At a meeting of state and federal treasurers on Friday, Scott Morrison said reducing negative gearing incentives would mean fewer rental properties and higher rents.
He also released a report, Innovative Financing Models to Improve the Supply of Affordable Housing, which examines new ways to attract more private investment into affordable rental housing.
“The government isn’t revisiting its position on negative gearing," said Morrison.
He said it is "the mum and dad investors who actually provide the capital for the nation’s rental housing stock, if we were to withdraw that, then that has the only outcome of increasing rents.”

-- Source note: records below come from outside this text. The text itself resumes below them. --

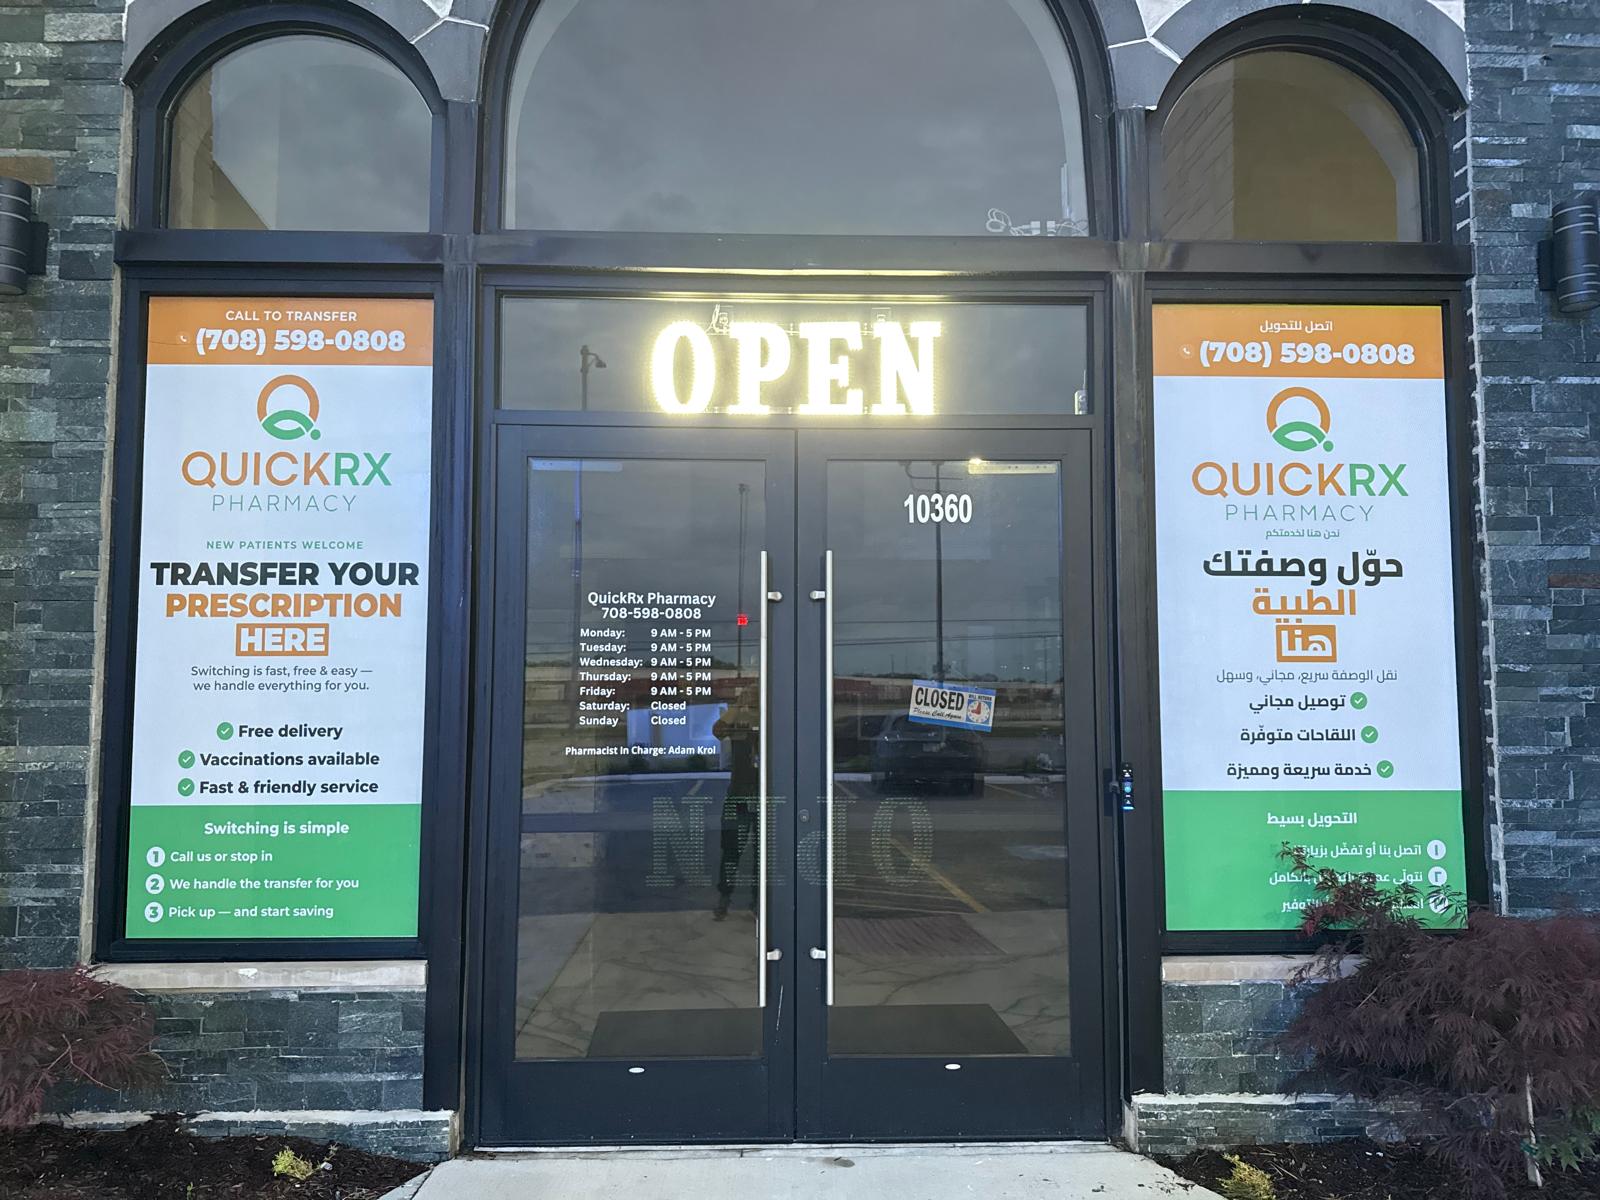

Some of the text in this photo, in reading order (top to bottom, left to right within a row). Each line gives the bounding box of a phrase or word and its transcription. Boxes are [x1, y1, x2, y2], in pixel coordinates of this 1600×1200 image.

[226, 310, 357, 321] CALL TO TRANSFER
[1260, 320, 1333, 333] اتصل للتحويل
[196, 328, 405, 355] (708) 598-0808
[1200, 340, 1415, 368] (708) 598-0808
[651, 319, 942, 416] OPEN
[181, 451, 392, 488] QUICKRX
[1192, 461, 1409, 498] QUICKRX
[212, 494, 356, 512] PHARMACY
[903, 493, 973, 524] 10360
[1226, 504, 1374, 522] PHARMACY
[1265, 529, 1340, 540] نحن هنا لخدمتكم
[206, 541, 363, 550] NEW PATIENTS WELCOME
[150, 562, 419, 586] TRANSFER YOUR
[1203, 550, 1327, 586] وصفتك
[166, 593, 402, 618] PRESCRIPTION
[588, 591, 716, 608] QuickRx Pharmacy
[1252, 588, 1356, 623] الطبية
[601, 607, 701, 619] 708-598-0808
[240, 628, 325, 651] HERE
[580, 628, 625, 640] Monday:
[651, 628, 658, 637] 9
[660, 628, 677, 637] AM
[686, 629, 692, 638] 5
[695, 629, 711, 638] PM
[579, 642, 626, 654] Tuesday:
[651, 643, 658, 652] 9
[660, 643, 677, 652] AM
[686, 643, 692, 652] 5
[695, 643, 711, 652] PM
[1281, 629, 1332, 656] هنا
[579, 657, 643, 669] Wednesday:
[650, 657, 658, 666] 9
[660, 657, 677, 666] AM
[686, 657, 692, 667] 5
[695, 657, 711, 666] PM
[191, 665, 250, 678] Switching
[253, 665, 263, 676] is
[265, 665, 290, 677] fast,
[293, 665, 317, 676] free
[319, 666, 328, 676] &
[331, 668, 358, 678] easy
[579, 671, 631, 683] Thursday:
[651, 672, 658, 681] 9
[660, 672, 677, 681] AM
[686, 672, 693, 681] 5
[695, 672, 711, 681] PM
[1216, 669, 1253, 683] وسهل
[1331, 669, 1373, 683] الوصفة
[1376, 669, 1397, 684] نقل
[193, 680, 369, 693] we handle everything for you.
[580, 686, 616, 698] Friday:
[651, 686, 658, 696] 9
[659, 687, 677, 695] AM
[686, 686, 693, 696] 5
[695, 687, 711, 696] PM
[579, 701, 686, 712] Saturday: Closed
[915, 687, 965, 711] CLOSED
[1249, 694, 1346, 714] توصيل مجاني
[931, 709, 945, 717] Call
[579, 715, 686, 727] Sunday Closed
[239, 723, 343, 740] Free delivery
[1297, 728, 1355, 741] اللقاحات
[200, 751, 380, 766] Vaccinations available
[565, 745, 716, 757] Pharmacist In Charge: Adam Krol
[1227, 763, 1371, 780] خدمة سريعة ومميزة
[200, 779, 379, 796] Fast & friendly service
[1267, 812, 1357, 828] التحويل بسيط
[204, 821, 349, 837] Switching is simple
[1331, 842, 1363, 858] تفضّل
[1365, 841, 1376, 857] أو
[1380, 845, 1391, 858] بنا
[1394, 845, 1422, 858] اتصل
[153, 850, 273, 864] 1 Call us or stop in
[150, 877, 359, 891] 2 We handle the transfer for you
[149, 906, 159, 918] 3
[169, 906, 196, 917] Pick
[199, 909, 216, 920] up
[234, 906, 258, 917] and
[261, 906, 290, 917] start
[293, 905, 334, 919] saving
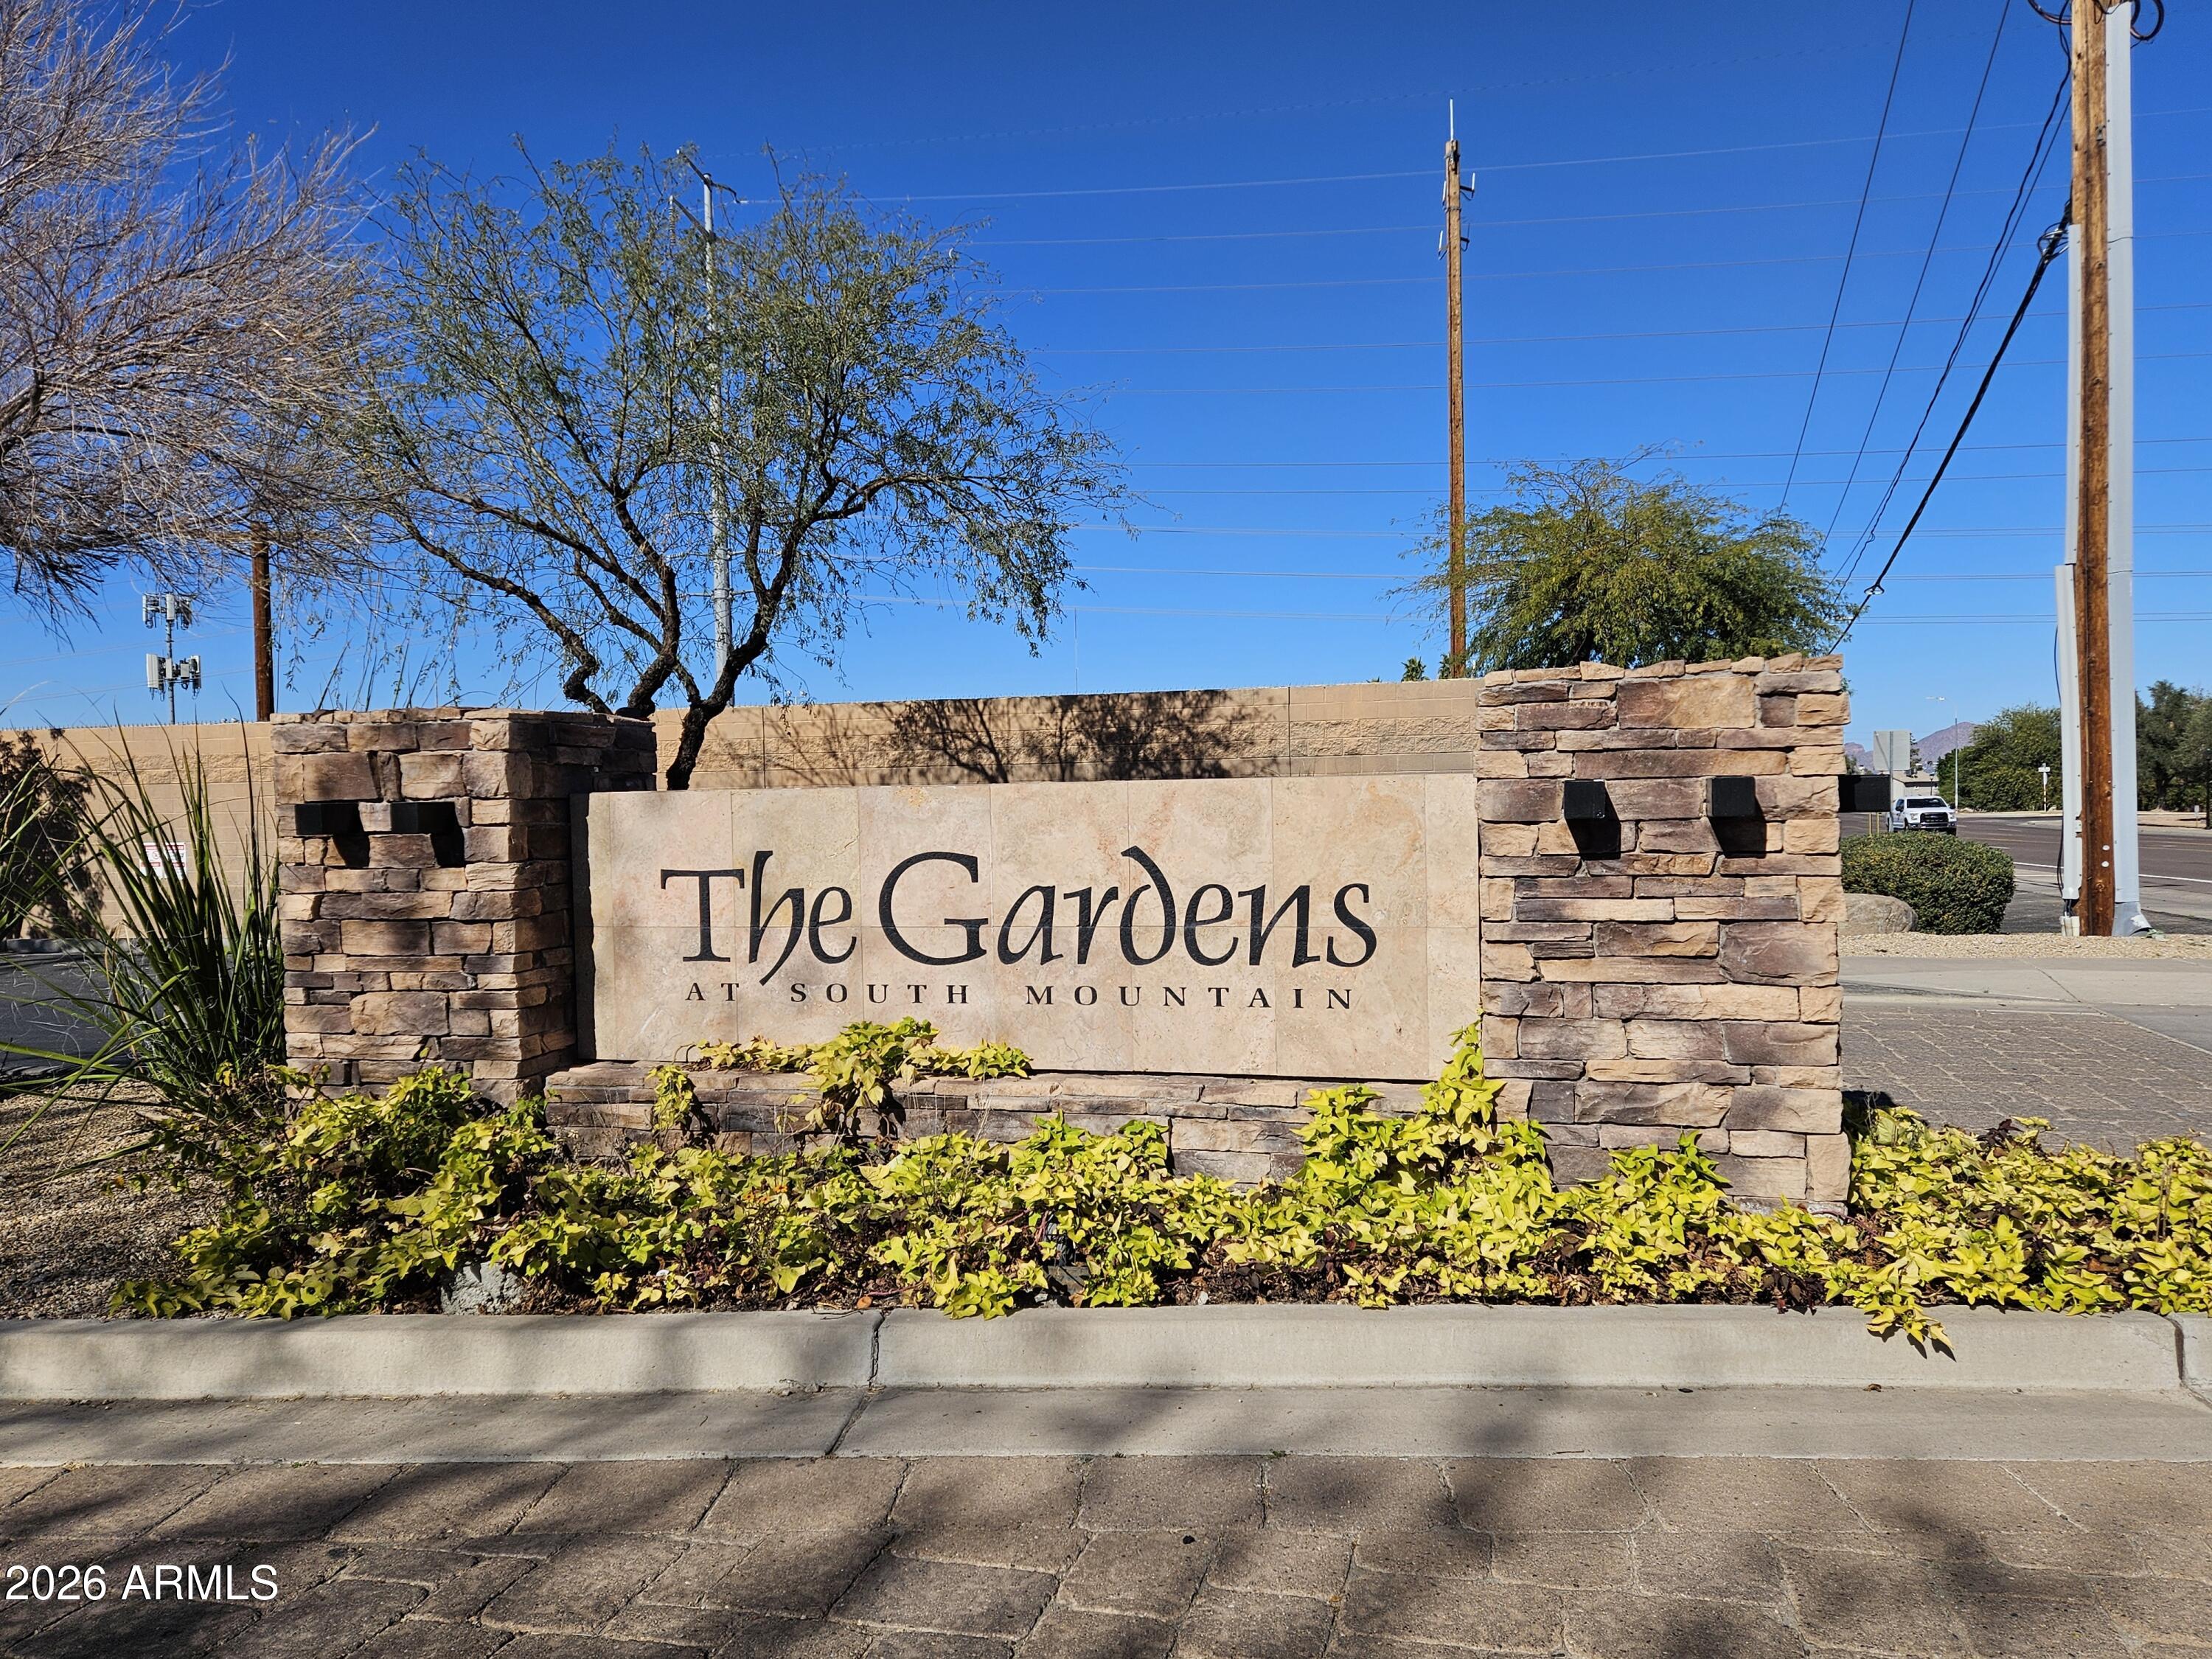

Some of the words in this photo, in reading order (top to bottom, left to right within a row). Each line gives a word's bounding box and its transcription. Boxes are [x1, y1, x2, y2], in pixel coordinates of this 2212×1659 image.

[660, 850, 858, 987] The
[878, 845, 1378, 969] Gardens
[685, 982, 740, 1002] AT
[790, 983, 970, 1005] SOUTH
[1025, 985, 1353, 1010] MOUNTAIN

Morrison said higher rents will have the strongest impact on those on the “lowest of incomes”.
The negative gearing debate reignited last week when NSW planning minister Rob Stokes said changes to the tax break should be considered as a reform to improve housing affordability. The NSW premier Mike Baird agreed with his minister, though said he had not seen the government's modellling about how the rental market could be impacted.
Shadow treasurer Chris Bowen said the government's stance stands in the way of ordinary Australians trying to buy their own home.
“Malcolm Turnbull and Scott Morrison are oblivious of the housing affordability crisis that threatens to see a generation of Australian young people locked out of the housing market,” he said.
Bowen says the treasurer is “more concerned at defending tax concessions for investors … than he is for a renter or young family saving for their first home.”
The government is looking at new ways, outlined in a report, to attract more private sector investment into affordable rental housing for Australians on low incomes. At Friday's meeting, all recommendations in the report were accepted.